=== DATA FOR PROCESSING ===
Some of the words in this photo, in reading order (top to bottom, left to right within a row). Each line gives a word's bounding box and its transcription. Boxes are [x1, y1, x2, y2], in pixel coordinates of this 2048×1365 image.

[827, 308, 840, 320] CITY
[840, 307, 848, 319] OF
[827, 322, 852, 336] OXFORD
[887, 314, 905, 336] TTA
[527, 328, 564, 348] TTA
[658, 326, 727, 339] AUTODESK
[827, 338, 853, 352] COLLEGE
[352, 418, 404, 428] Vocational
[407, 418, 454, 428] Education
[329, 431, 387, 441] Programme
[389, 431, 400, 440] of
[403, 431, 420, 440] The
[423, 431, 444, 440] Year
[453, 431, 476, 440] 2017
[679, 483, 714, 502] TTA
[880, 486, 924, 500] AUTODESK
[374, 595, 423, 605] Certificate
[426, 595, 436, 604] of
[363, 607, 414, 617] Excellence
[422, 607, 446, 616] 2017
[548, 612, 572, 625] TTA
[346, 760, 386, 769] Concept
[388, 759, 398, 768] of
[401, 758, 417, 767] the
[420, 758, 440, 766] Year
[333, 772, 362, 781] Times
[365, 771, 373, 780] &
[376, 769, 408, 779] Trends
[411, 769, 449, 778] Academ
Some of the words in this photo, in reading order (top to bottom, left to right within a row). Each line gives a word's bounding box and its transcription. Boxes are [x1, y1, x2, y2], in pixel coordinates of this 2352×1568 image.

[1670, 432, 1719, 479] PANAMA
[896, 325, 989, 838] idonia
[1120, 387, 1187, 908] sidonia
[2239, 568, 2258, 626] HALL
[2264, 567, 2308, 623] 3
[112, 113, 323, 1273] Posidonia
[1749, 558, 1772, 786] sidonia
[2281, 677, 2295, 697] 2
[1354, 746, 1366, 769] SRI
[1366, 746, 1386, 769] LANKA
===
Line by line, retype all the entries exactly as they are shown.

Some of the words in this photo, in reading order (top to bottom, left to right within a row). Each line gives a word's bounding box and its transcription. Boxes are [x1, y1, x2, y2], in pixel coordinates of this 2048×1365 image.

[827, 308, 840, 320] CITY
[840, 307, 848, 319] OF
[827, 322, 852, 336] OXFORD
[887, 314, 905, 336] TTA
[527, 328, 564, 348] TTA
[658, 326, 727, 339] AUTODESK
[827, 338, 853, 352] COLLEGE
[352, 418, 404, 428] Vocational
[407, 418, 454, 428] Education
[329, 431, 387, 441] Programme
[389, 431, 400, 440] of
[403, 431, 420, 440] The
[423, 431, 444, 440] Year
[453, 431, 476, 440] 2017
[679, 483, 714, 502] TTA
[880, 486, 924, 500] AUTODESK
[374, 595, 423, 605] Certificate
[426, 595, 436, 604] of
[363, 607, 414, 617] Excellence
[422, 607, 446, 616] 2017
[548, 612, 572, 625] TTA
[346, 760, 386, 769] Concept
[388, 759, 398, 768] of
[401, 758, 417, 767] the
[420, 758, 440, 766] Year
[333, 772, 362, 781] Times
[365, 771, 373, 780] &
[376, 769, 408, 779] Trends
[411, 769, 449, 778] Academ
Some of the words in this photo, in reading order (top to bottom, left to right within a row). Each line gives a word's bounding box and its transcription. Boxes are [x1, y1, x2, y2], in pixel coordinates of this 2352×1568 image.

[1670, 432, 1719, 479] PANAMA
[896, 325, 989, 838] idonia
[1120, 387, 1187, 908] sidonia
[2239, 568, 2258, 626] HALL
[2264, 567, 2308, 623] 3
[112, 113, 323, 1273] Posidonia
[1749, 558, 1772, 786] sidonia
[2281, 677, 2295, 697] 2
[1354, 746, 1366, 769] SRI
[1366, 746, 1386, 769] LANKA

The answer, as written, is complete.